DIRECTIONS FOR THIS TASK:
The entries below are to be copied exactly, with every picture left out.

EXERCISE INPUT:
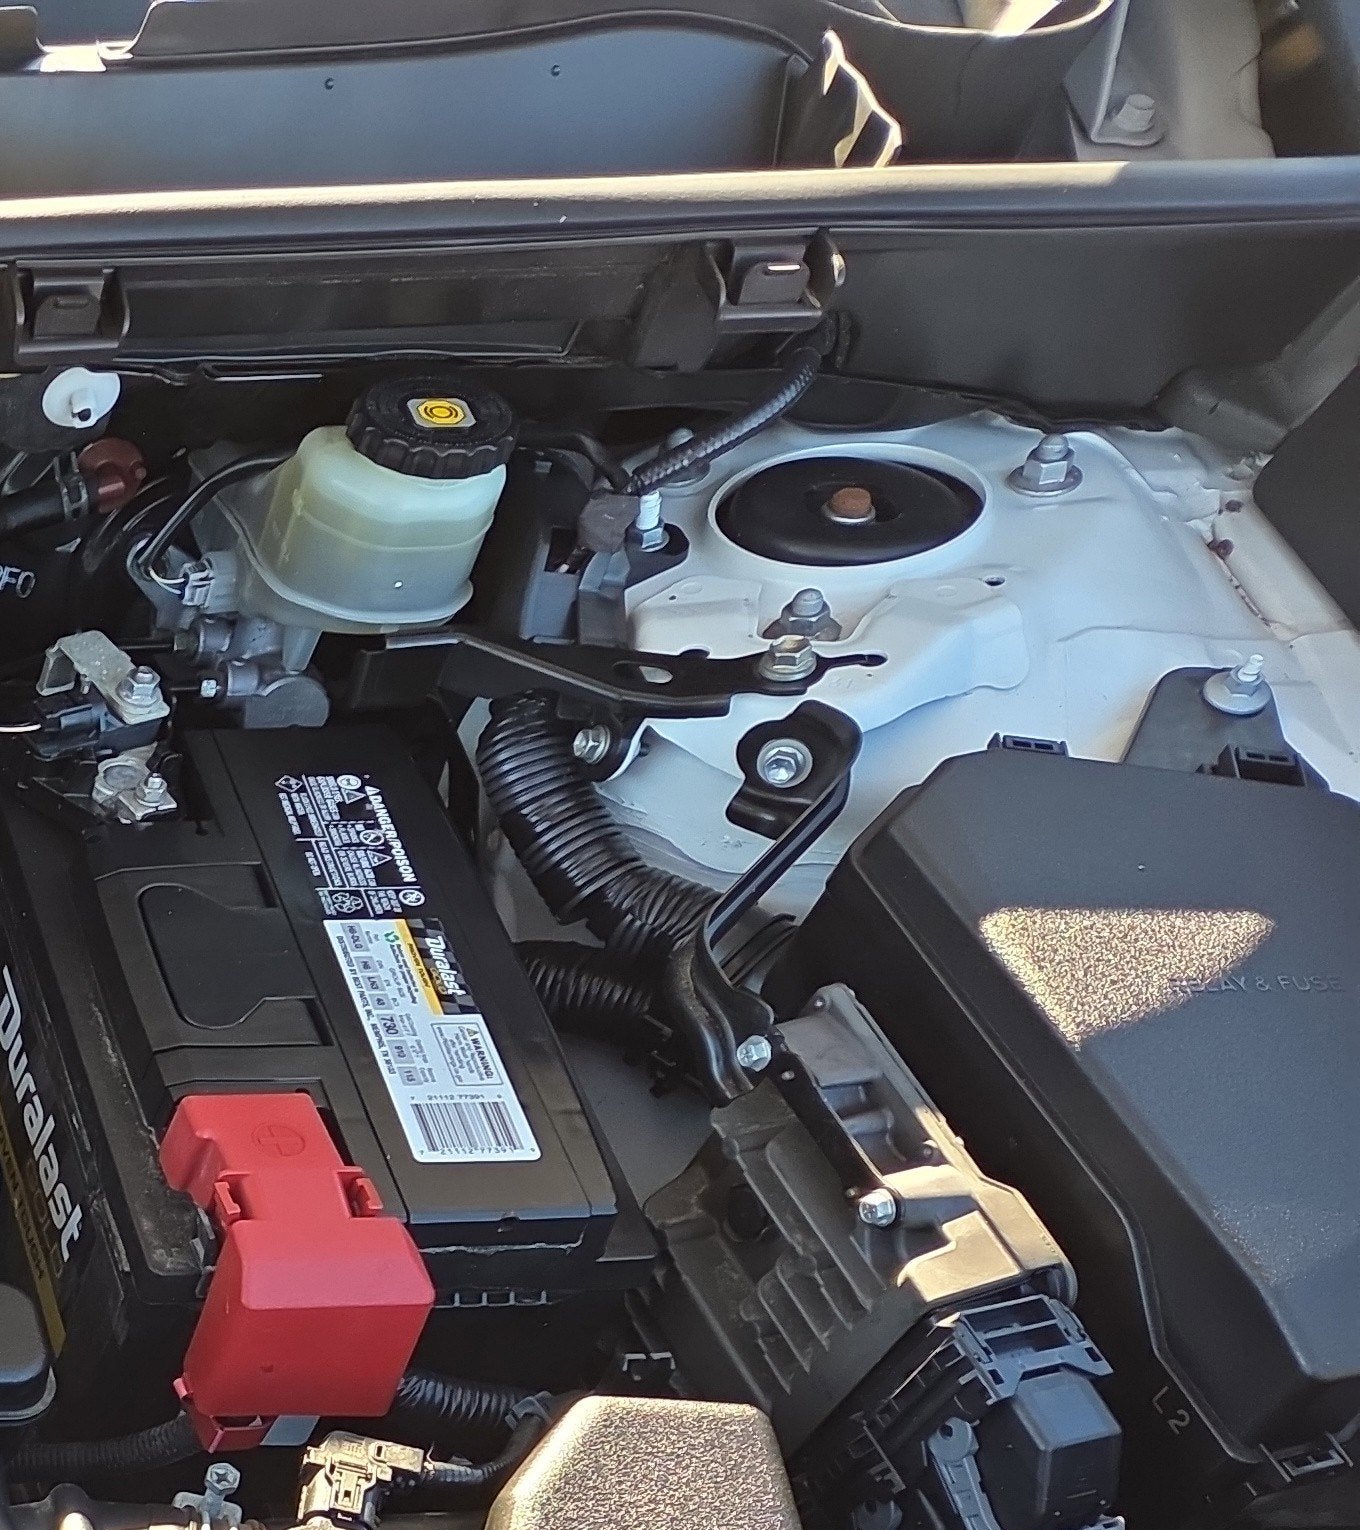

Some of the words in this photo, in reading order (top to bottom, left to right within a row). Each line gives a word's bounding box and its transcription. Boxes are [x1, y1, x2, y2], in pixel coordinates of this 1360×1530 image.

[368, 794, 418, 883] DANGER/POISON
[423, 935, 467, 995] Duralast
[1168, 974, 1247, 993] RELAY
[1255, 974, 1272, 991] &
[1276, 974, 1346, 992] FUSE
[379, 1016, 400, 1034] 730
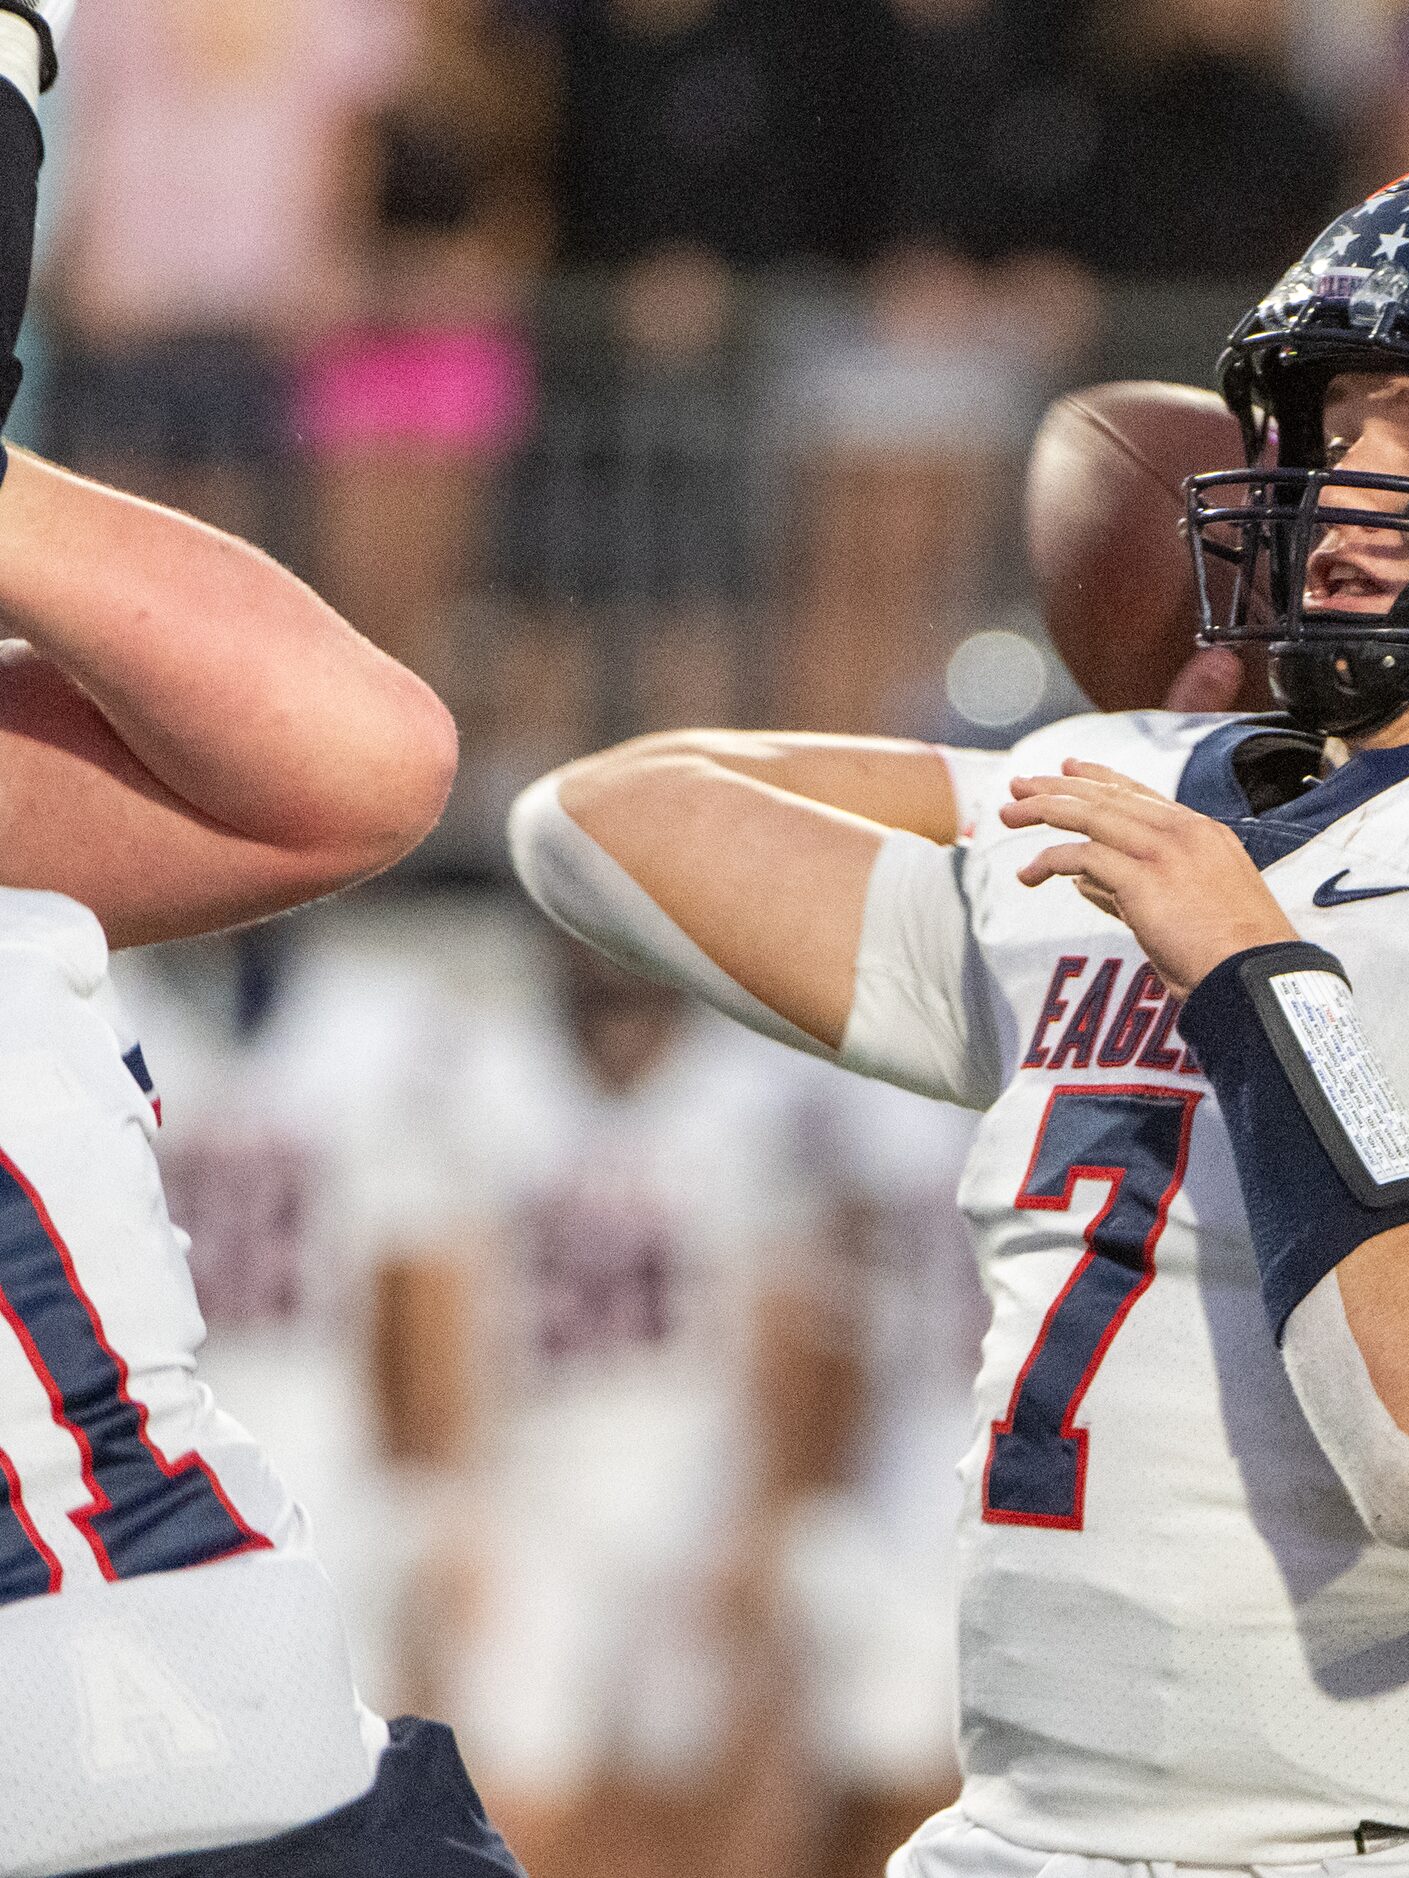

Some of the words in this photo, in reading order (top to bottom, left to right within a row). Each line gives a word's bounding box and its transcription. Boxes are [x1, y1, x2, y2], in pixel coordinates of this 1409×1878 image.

[1021, 955, 1203, 1076] EAGL
[981, 1085, 1204, 1531] 7
[70, 1624, 223, 1777] A
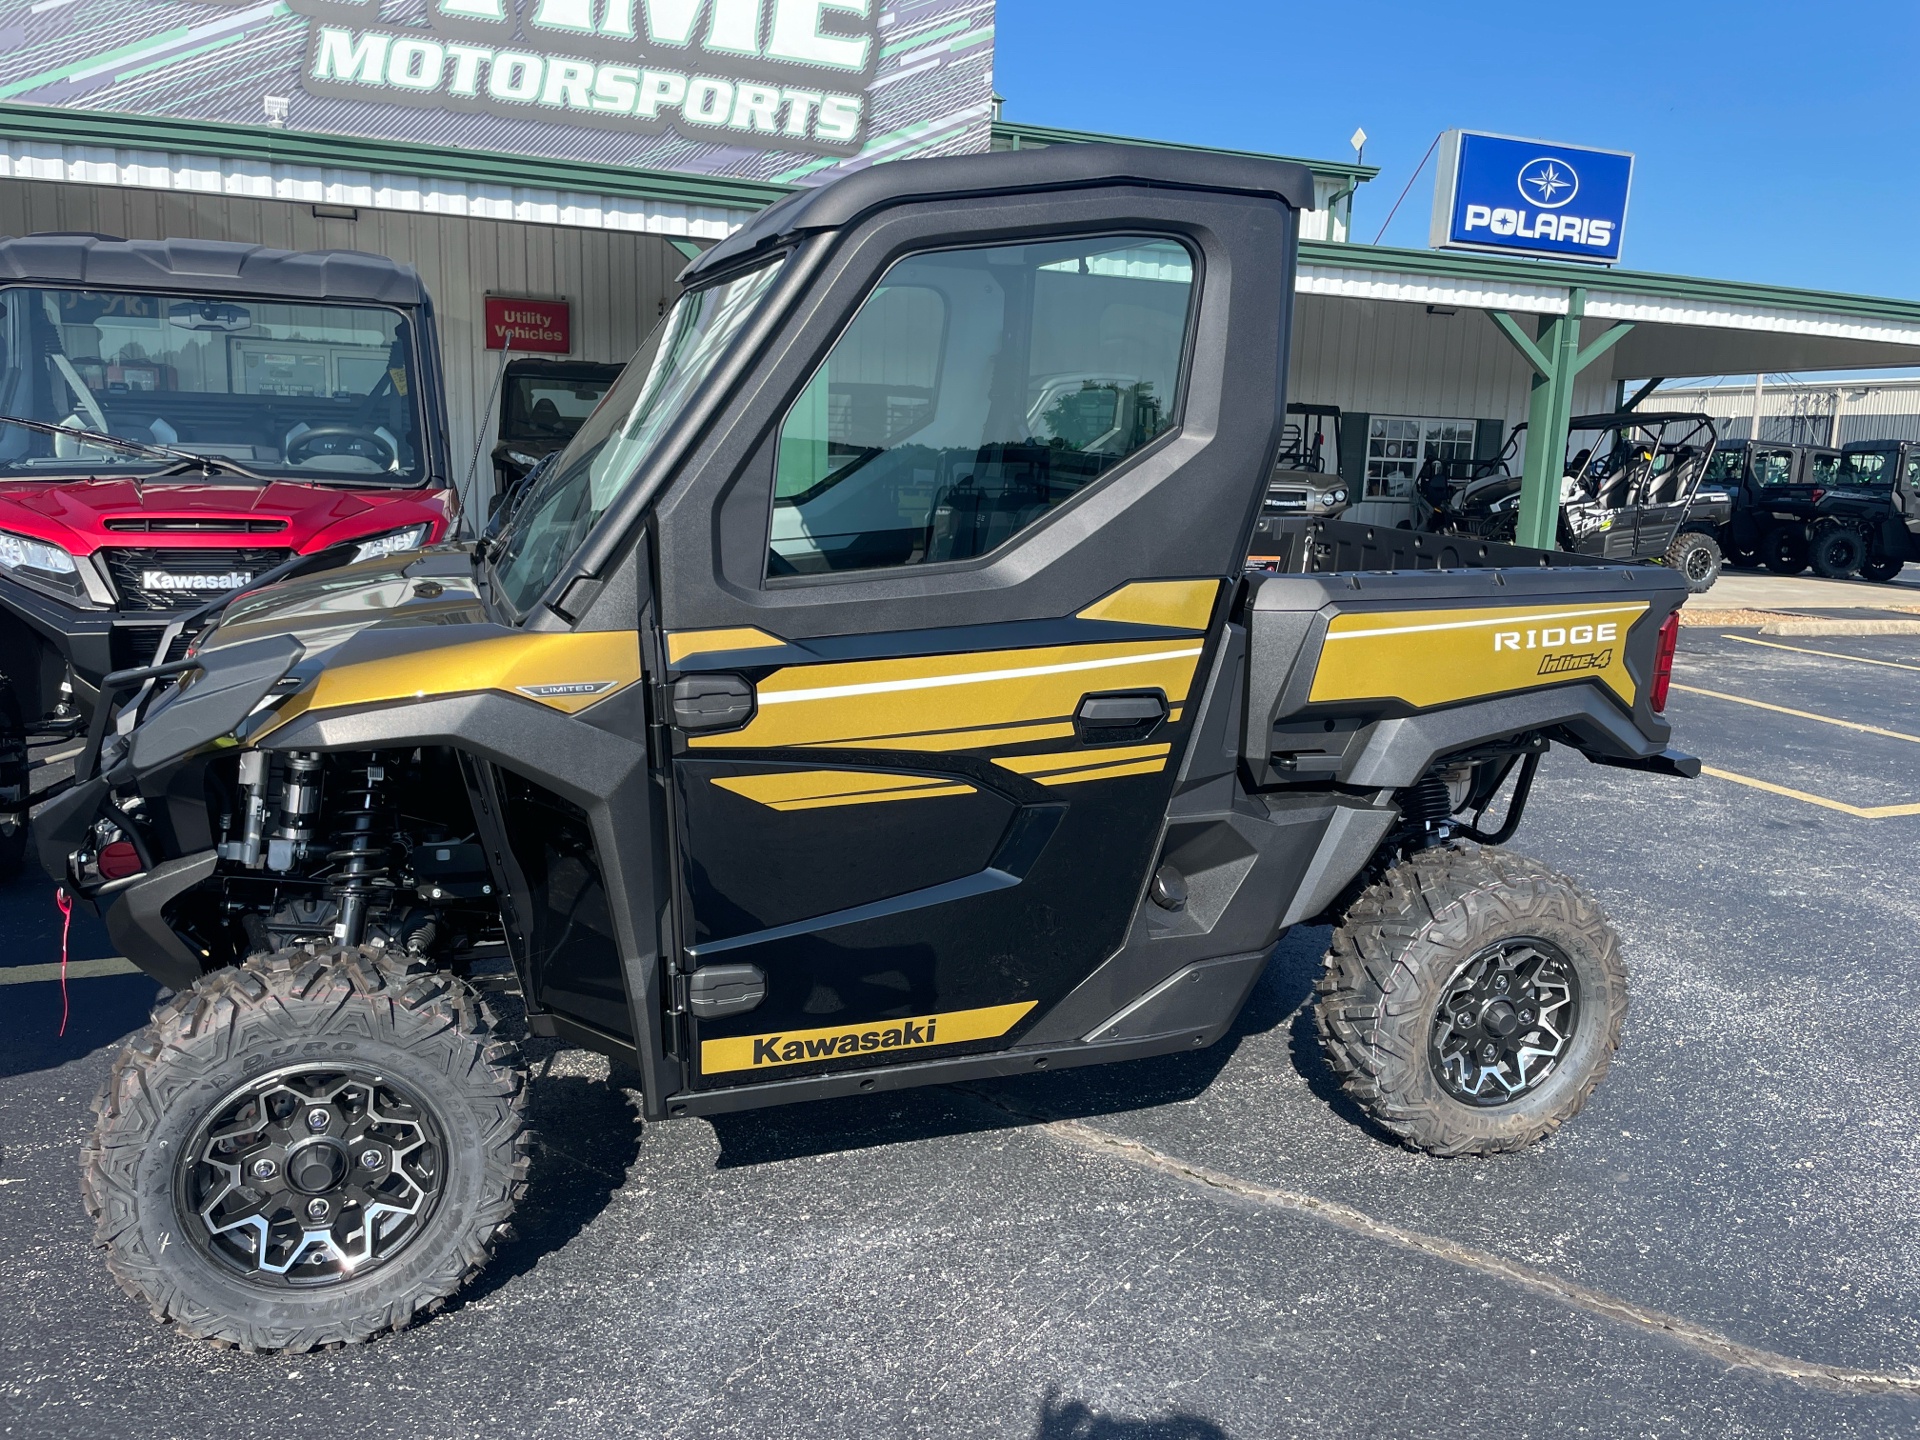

OUTPUT OF THE EXERCISE:
Some of the words in this photo, in reading order (top to bottom, left to right within a row). Each line gives a word's bounding box and its transcription. Boxes are [x1, y1, x2, y2], in pixel coordinates of this 1360×1530 image.

[368, 794, 418, 883] DANGER/POISON
[423, 935, 467, 995] Duralast
[1168, 974, 1247, 993] RELAY
[1255, 974, 1272, 991] &
[1276, 974, 1346, 992] FUSE
[379, 1016, 400, 1034] 730

Some of the words in this photo, in reading order (top to bottom, left to right within a row). Each line gives a word's bounding box and its transcription. Boxes are [x1, y1, x2, y2], in pixel coordinates of this 1409×1878 image.

[1021, 955, 1203, 1076] EAGL
[981, 1085, 1204, 1531] 7
[70, 1624, 223, 1777] A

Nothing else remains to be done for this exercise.